### Data for processing:

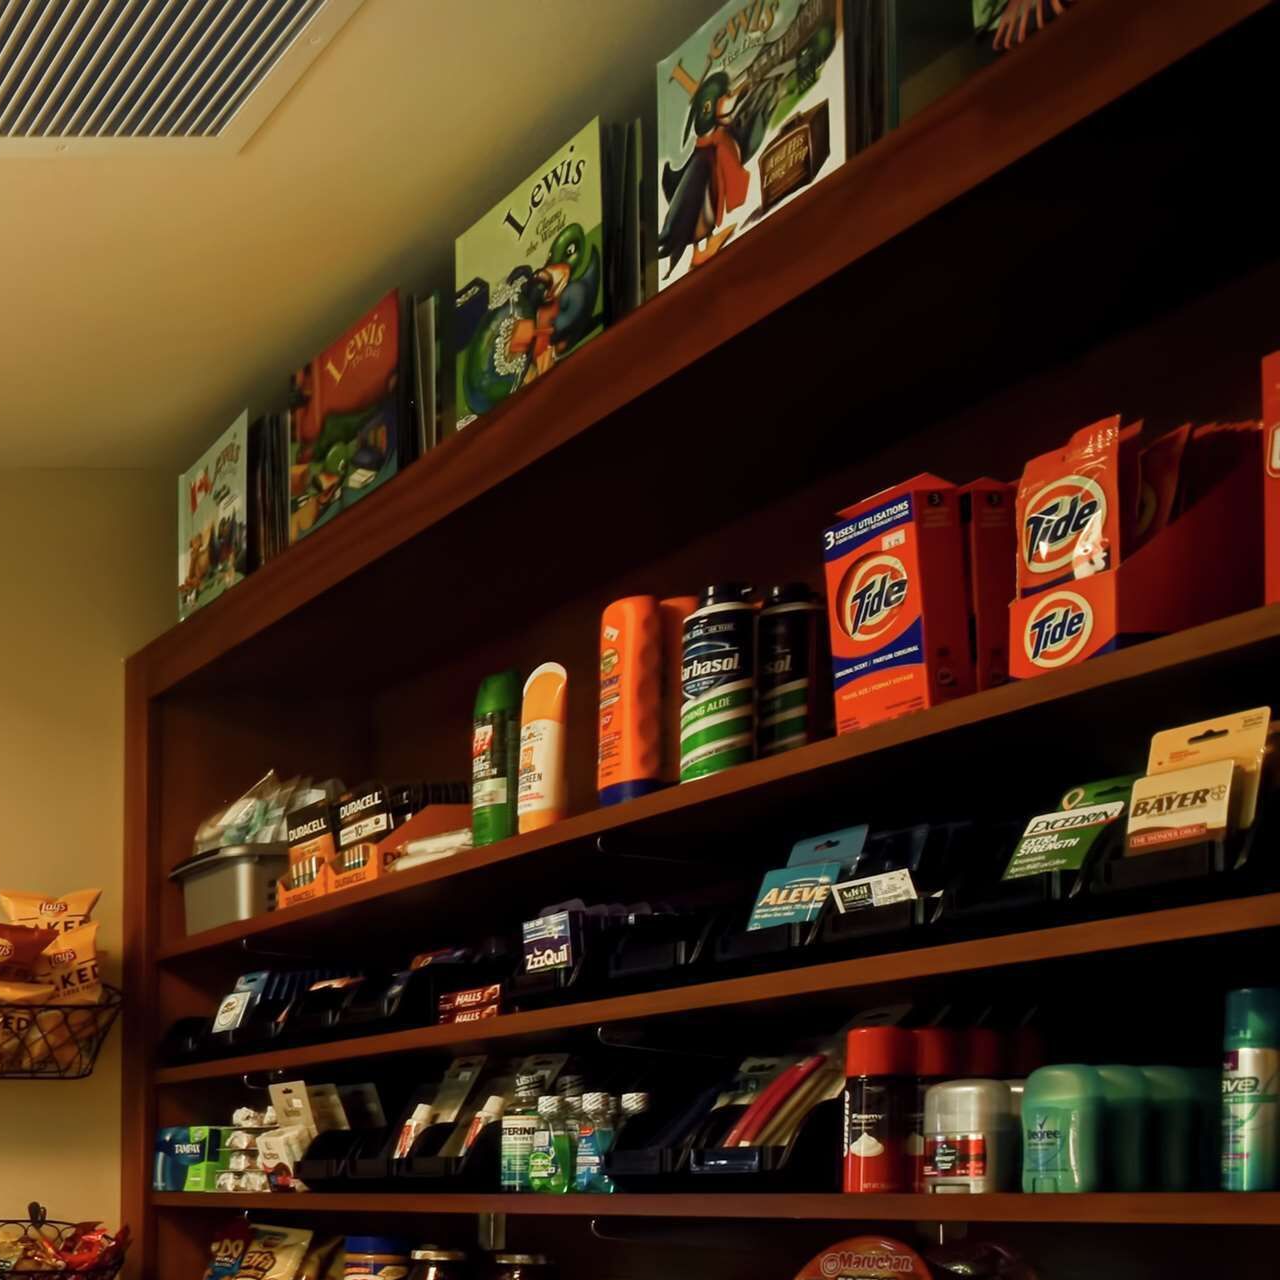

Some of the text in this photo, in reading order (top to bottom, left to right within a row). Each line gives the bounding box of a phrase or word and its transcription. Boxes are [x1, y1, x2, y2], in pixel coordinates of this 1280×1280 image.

[502, 145, 587, 240] Lewis
[325, 313, 385, 383] Lewis
[824, 531, 835, 550] 3
[857, 501, 910, 529] UTILISATIONS
[1024, 495, 1102, 564] Tide
[851, 571, 908, 637] Tide
[1030, 609, 1086, 664] Tide
[340, 791, 384, 819] DURACELL
[1131, 787, 1211, 818] BAYER
[289, 817, 327, 842] DURACELL
[1028, 808, 1117, 834] EXCEDRIN
[1018, 837, 1080, 857] STRENGTH
[1022, 834, 1058, 849] EXTRA
[759, 885, 831, 907] ALEVE
[526, 944, 568, 970] ZzzQuil
[457, 991, 481, 1004] HALLS
[456, 1010, 480, 1023] HALLS
[174, 1143, 201, 1157] TAMPAX
[840, 1252, 913, 1274] Maruchan
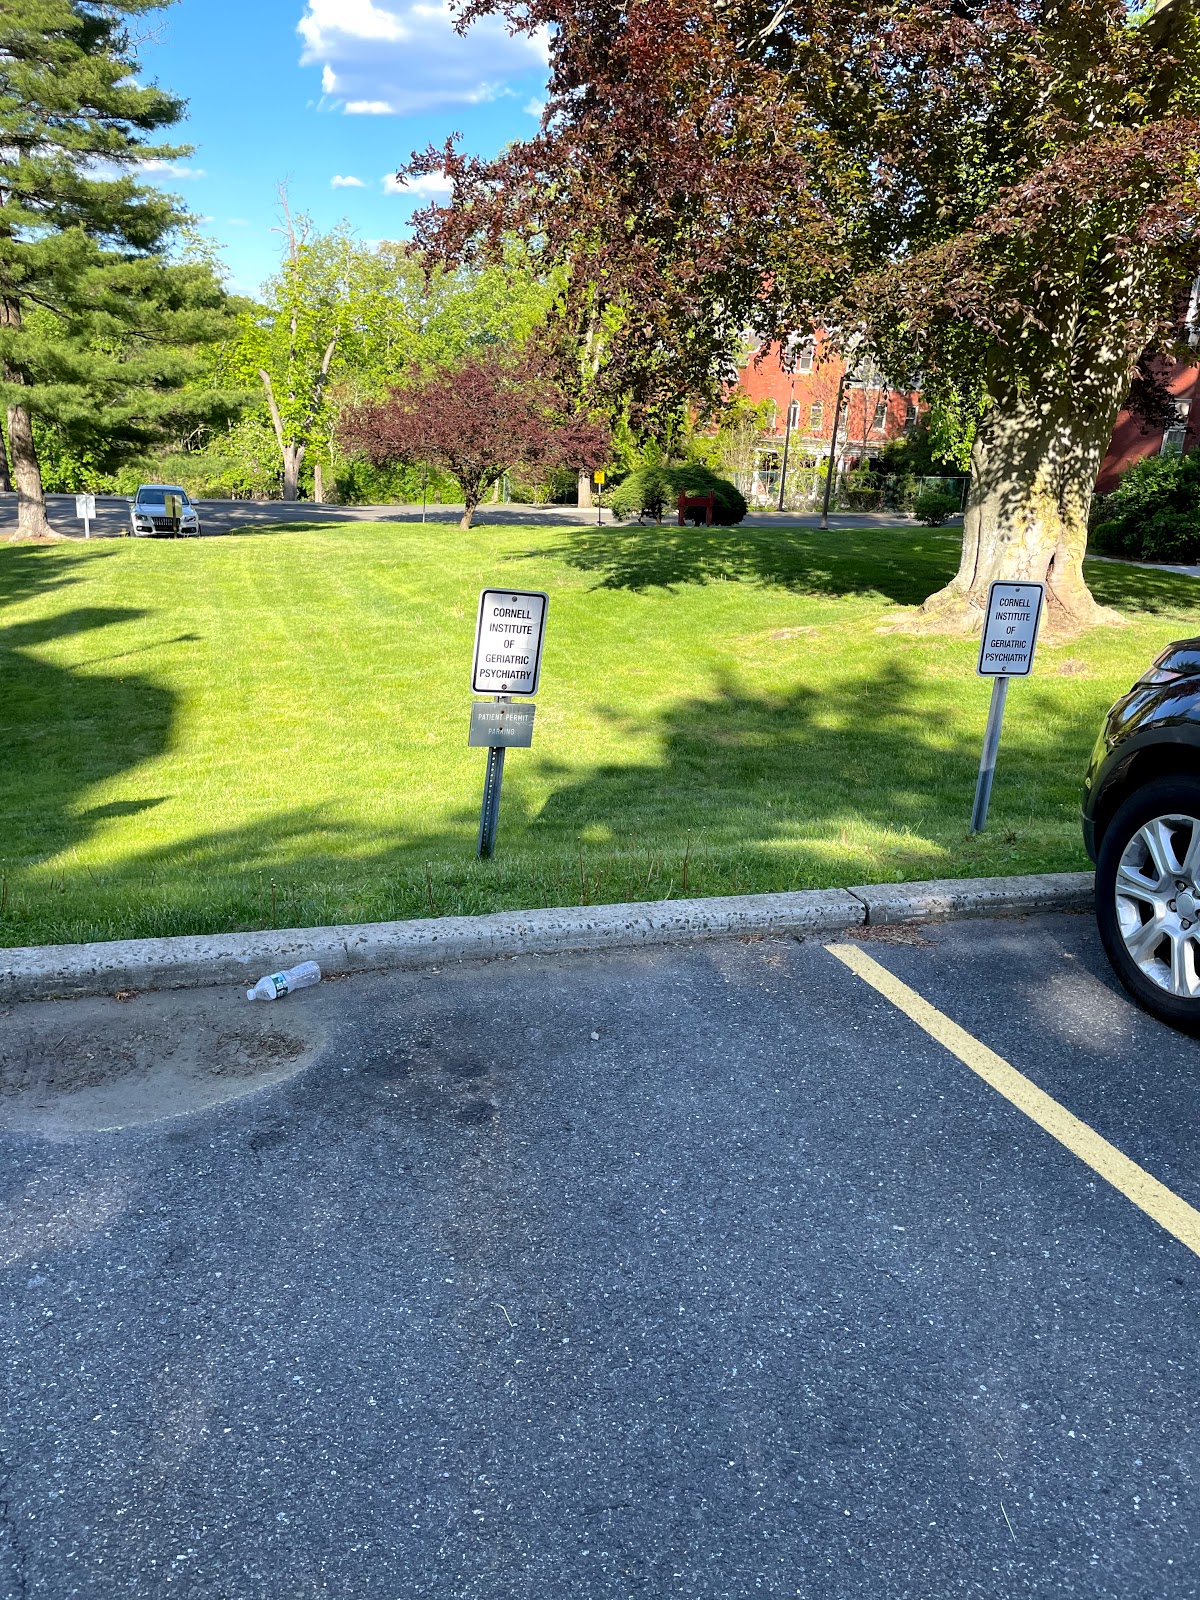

### Aim of the task:
Every entry above should be written out again verbatim, with no pictures included.

### Response to this exercise:
Some of the text in this photo, in reading order (top to bottom, left to right within a row). Each line gives the bounding box of a phrase or word and its transcription. Boxes are [x1, y1, x2, y2], in pixel coordinates of this 1280×1280 image.

[502, 145, 587, 240] Lewis
[325, 313, 385, 383] Lewis
[824, 531, 835, 550] 3
[857, 501, 910, 529] UTILISATIONS
[1024, 495, 1102, 564] Tide
[851, 571, 908, 637] Tide
[1030, 609, 1086, 664] Tide
[340, 791, 384, 819] DURACELL
[1131, 787, 1211, 818] BAYER
[289, 817, 327, 842] DURACELL
[1028, 808, 1117, 834] EXCEDRIN
[1018, 837, 1080, 857] STRENGTH
[1022, 834, 1058, 849] EXTRA
[759, 885, 831, 907] ALEVE
[526, 944, 568, 970] ZzzQuil
[457, 991, 481, 1004] HALLS
[456, 1010, 480, 1023] HALLS
[174, 1143, 201, 1157] TAMPAX
[840, 1252, 913, 1274] Maruchan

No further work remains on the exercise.